▸ TASK BRIEF
The answer must be an exact restatement of all the data.

*** Begin section ***

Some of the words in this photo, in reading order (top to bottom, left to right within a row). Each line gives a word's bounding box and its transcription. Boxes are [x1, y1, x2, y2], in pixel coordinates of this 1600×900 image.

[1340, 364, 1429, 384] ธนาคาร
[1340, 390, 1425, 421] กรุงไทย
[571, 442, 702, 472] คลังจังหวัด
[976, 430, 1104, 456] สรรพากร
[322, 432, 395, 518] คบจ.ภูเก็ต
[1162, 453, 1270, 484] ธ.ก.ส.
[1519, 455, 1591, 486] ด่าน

*** End section ***

▸ EXERCISE ANSWER
Some of the words in this photo, in reading order (top to bottom, left to right within a row). Each line gives a word's bounding box and its transcription. Boxes are [x1, y1, x2, y2], in pixel coordinates of this 1600×900 image.

[1340, 364, 1429, 384] ธนาคาร
[1340, 390, 1425, 421] กรุงไทย
[571, 442, 702, 472] คลังจังหวัด
[976, 430, 1104, 456] สรรพากร
[322, 432, 395, 518] คบจ.ภูเก็ต
[1162, 453, 1270, 484] ธ.ก.ส.
[1519, 455, 1591, 486] ด่าน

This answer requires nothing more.